**Image-backed grounding data**:
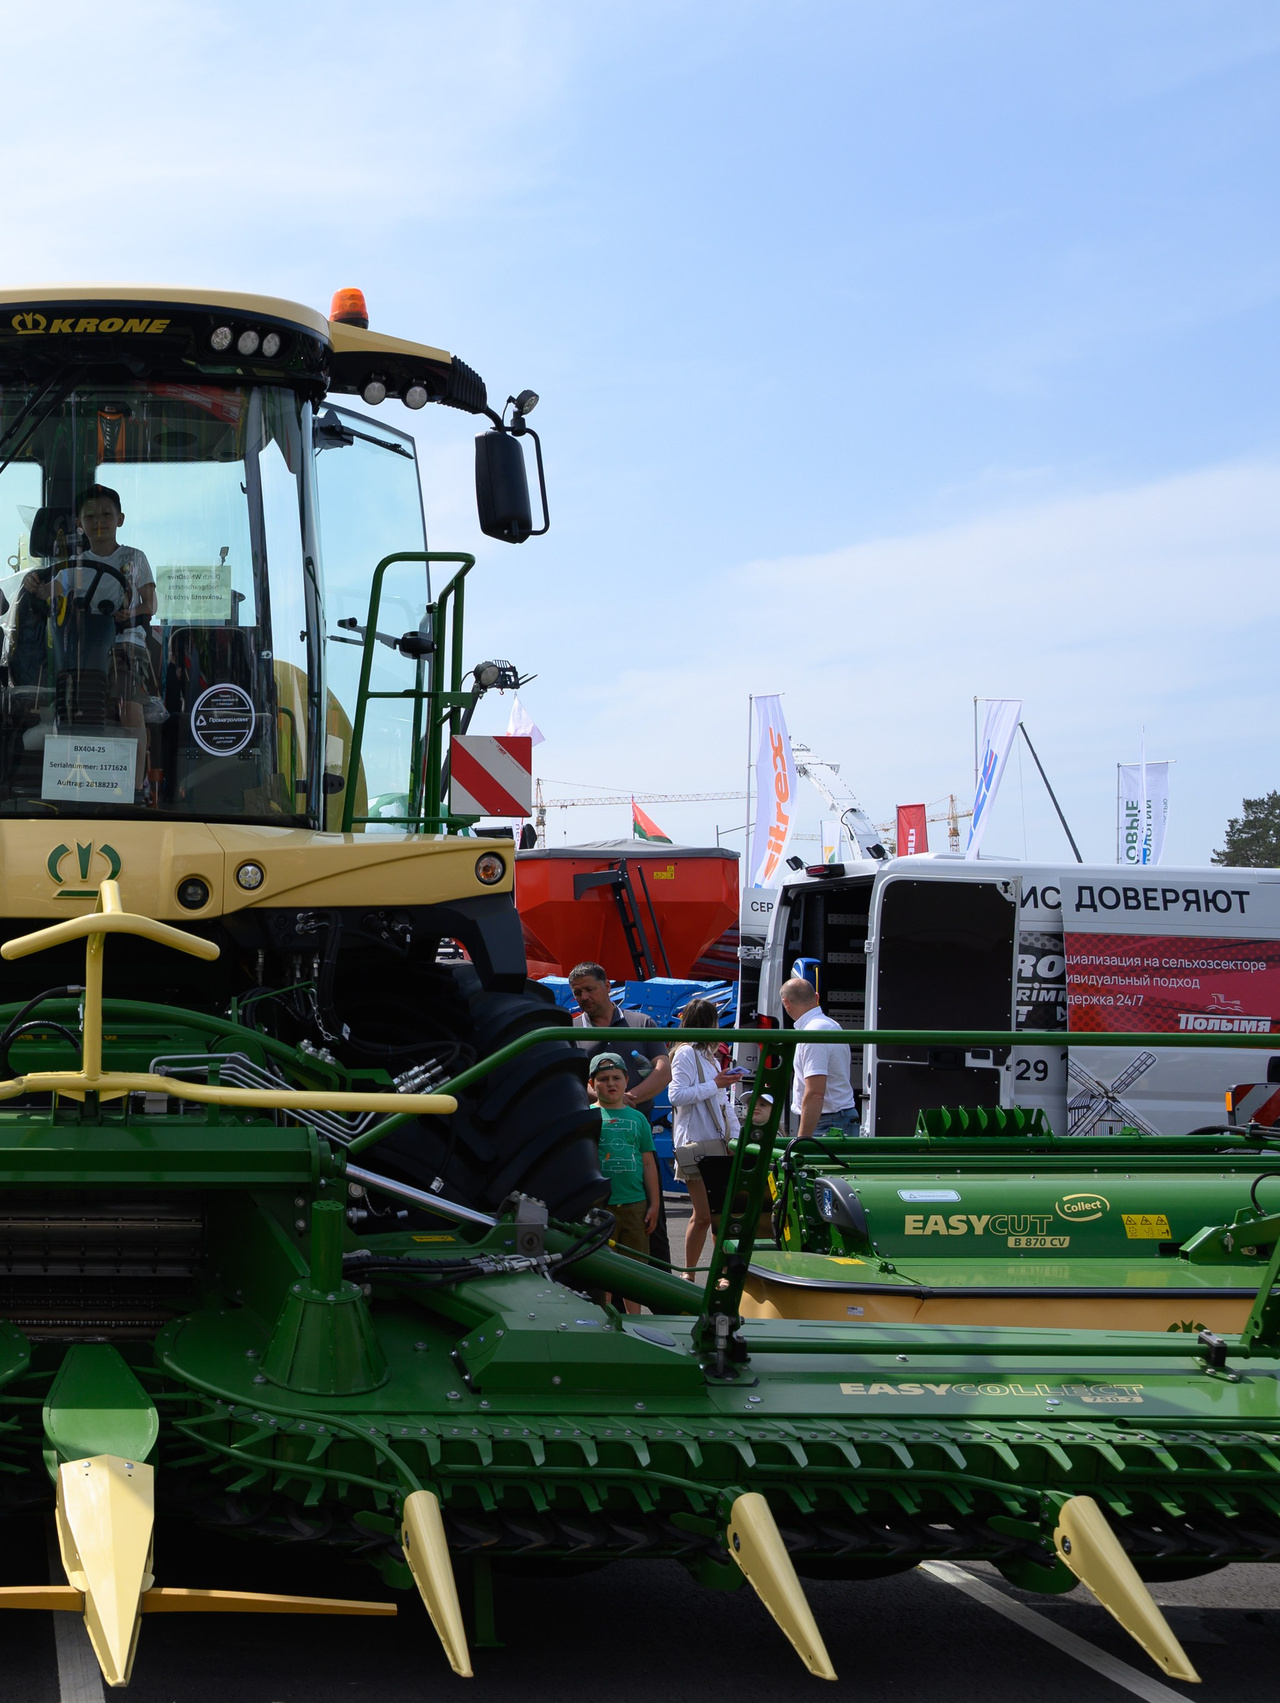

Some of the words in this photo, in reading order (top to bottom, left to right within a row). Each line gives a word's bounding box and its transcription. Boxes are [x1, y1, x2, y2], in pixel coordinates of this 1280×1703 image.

[49, 318, 171, 334] KRONE
[73, 745, 106, 753] BX404-25
[49, 761, 99, 771] Serialnummer:
[100, 764, 128, 772] 1171624
[57, 779, 85, 788] Auftrag:
[763, 726, 790, 881] sitrex
[1075, 885, 1250, 914] ДОВЕРЯЮТ
[1144, 957, 1160, 967] на
[1161, 957, 1267, 974] сельхозсекторе
[1153, 977, 1200, 990] подход
[1116, 994, 1144, 1007] 24/7
[1177, 1013, 1272, 1034] Полымя
[1063, 1199, 1102, 1213] Collect
[903, 1214, 1053, 1236] EASYCUT
[1013, 1237, 1022, 1248] B
[1024, 1237, 1047, 1248] 870
[1048, 1237, 1067, 1248] CV
[839, 1383, 1145, 1397] EASYCOLLECT

**WORK TASK**:
Every line above goes into your copy exactly; no images go in.

**WRITTEN REPLY**:
Some of the words in this photo, in reading order (top to bottom, left to right within a row). Each line gives a word's bounding box and its transcription. Boxes are [x1, y1, x2, y2], in pixel coordinates of this 1280×1703 image.

[49, 318, 171, 334] KRONE
[73, 745, 106, 753] BX404-25
[49, 761, 99, 771] Serialnummer:
[100, 764, 128, 772] 1171624
[57, 779, 85, 788] Auftrag:
[763, 726, 790, 881] sitrex
[1075, 885, 1250, 914] ДОВЕРЯЮТ
[1144, 957, 1160, 967] на
[1161, 957, 1267, 974] сельхозсекторе
[1153, 977, 1200, 990] подход
[1116, 994, 1144, 1007] 24/7
[1177, 1013, 1272, 1034] Полымя
[1063, 1199, 1102, 1213] Collect
[903, 1214, 1053, 1236] EASYCUT
[1013, 1237, 1022, 1248] B
[1024, 1237, 1047, 1248] 870
[1048, 1237, 1067, 1248] CV
[839, 1383, 1145, 1397] EASYCOLLECT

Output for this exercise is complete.